The multidisciplinary cancer committee decided to perform a large excision of the abdominal tumor with hysterectomy during the same surgery.

Histology confirmed the bifocal, FNCLCC grade-3 leiomyosarcoma with a mitotic activity of 40 mitoses/10 HPF and a high Ki67 index of about 50-60%. The leiomyosarcoma was estrogen-receptor-negative (Figs. 1B, C).

The histological examination of the uterine nodule revealed a 1.5-cm, well-circumscribed tumor composed of spindle cells with dense eosinophilic cytoplasm and enlarged, often bizarre single or multiple hyperchromatic nuclei without necrosis or myometrial invasion. Tumor cells were caldesmon, desmine, and smooth-muscle-actine positive, corresponding to the immunohistochemical phenotype of smooth muscle. The Ki67 level was low, with a maximum value of 15%. The mitotic activity was 1 mitosis/10 HPF. This tumor expressed estrogen receptors, whereas the leiomyosarcoma did not. Diagnosis was atypical (bizarre/symplastic) leiomyoma of the uterus, a benign variant of uterine leiomyoma (Figs. 1E, F).

Discussion

This case shows that atypical (bizarre) uterine leiomyoma can be suspected on FDG PET-CT due to glucose hypermetabolism. We think that despite the benign behavior of this kind of tumor, the focal uptake may be explained by the relatively high cellularity of the tissue and can be seen as a sign of increased proliferative and metabolic activity—as shown with the Ki67 level, which focally achieved 15% in the presence of very rare mitotic figures.

In view of the clinical history of the patient, who has a tendency to develop multiple malignant tumors, we should also discuss the possibility of a precancerous small tumor in statu nascendi, with a particular metabolic signature on FDG PET-CT.

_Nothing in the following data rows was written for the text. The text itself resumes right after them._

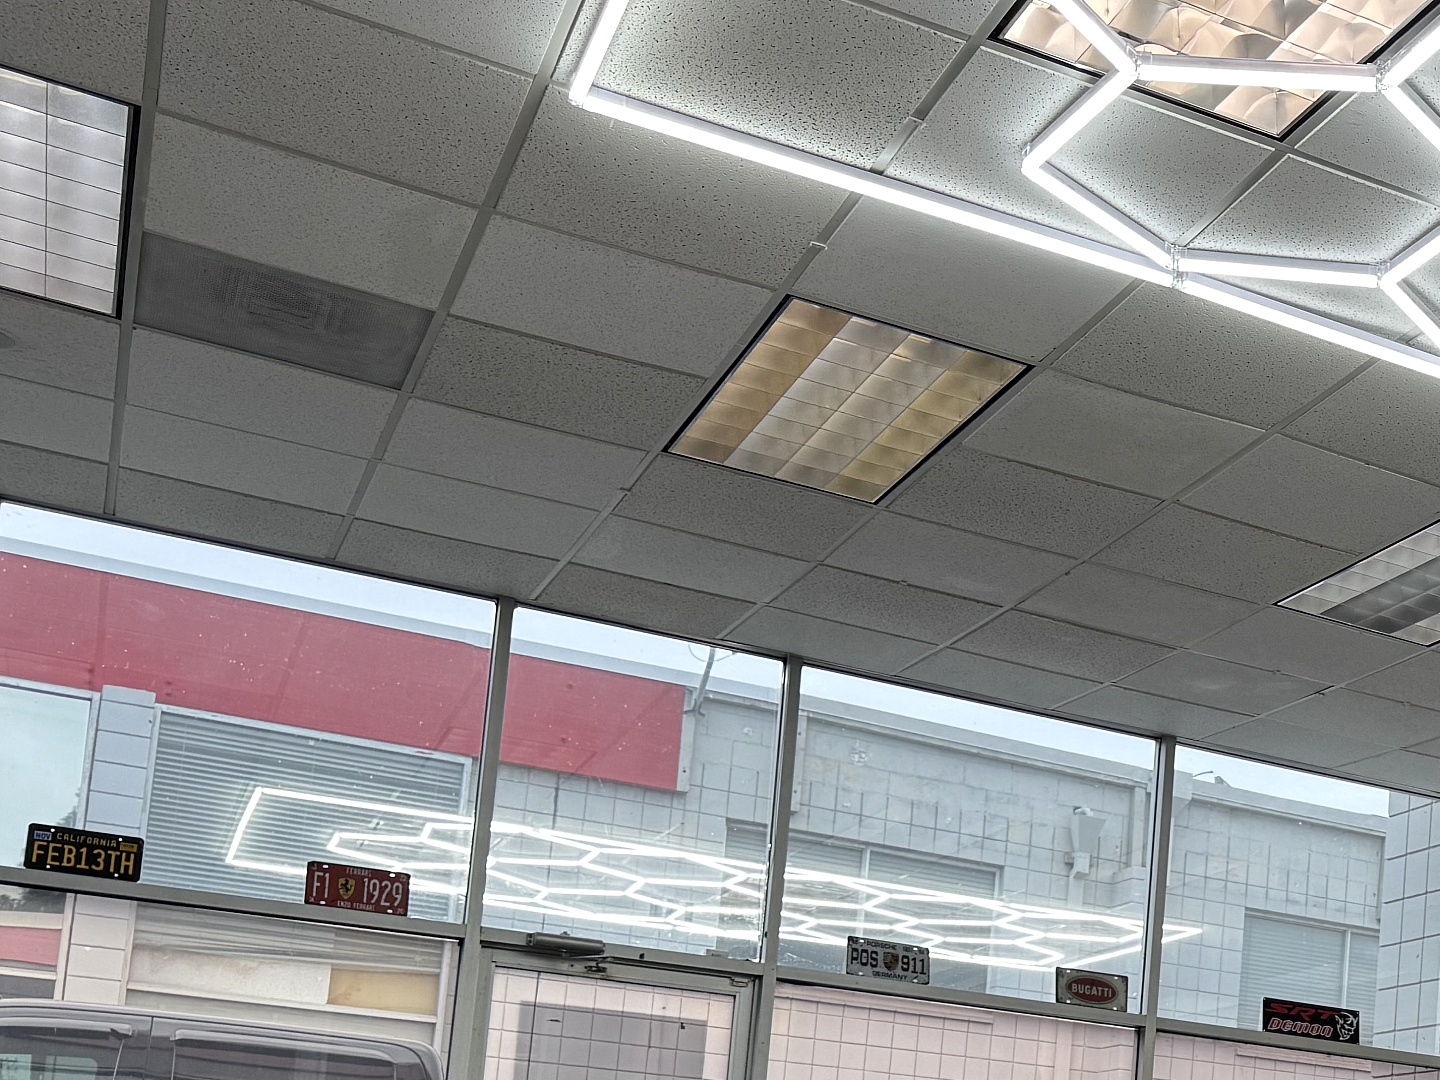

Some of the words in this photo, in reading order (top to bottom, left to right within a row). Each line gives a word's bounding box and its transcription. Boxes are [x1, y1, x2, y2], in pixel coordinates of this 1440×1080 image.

[56, 833, 117, 848] CALIFORNIA
[31, 841, 134, 875] FEB13TH
[346, 867, 372, 877] FERRARI
[312, 872, 330, 899] F1
[363, 878, 403, 907] 1929
[850, 947, 879, 968] POS
[901, 955, 926, 975] 911
[872, 970, 908, 981] GERMANY
[1071, 983, 1112, 998] BUGATTI
[1265, 1003, 1340, 1021] SRT

Further comparative investigations involving histopathology and imaging should try to find out whether FDG PET-CT could help in assessing the category of uterine nodules, particularly those with increased metabolic and proliferative activity, in orer to understand the gray-zone tumors better, as there are atypical leiomyomas and smooth muscle tumors of uncertain malignant potential (STUMP).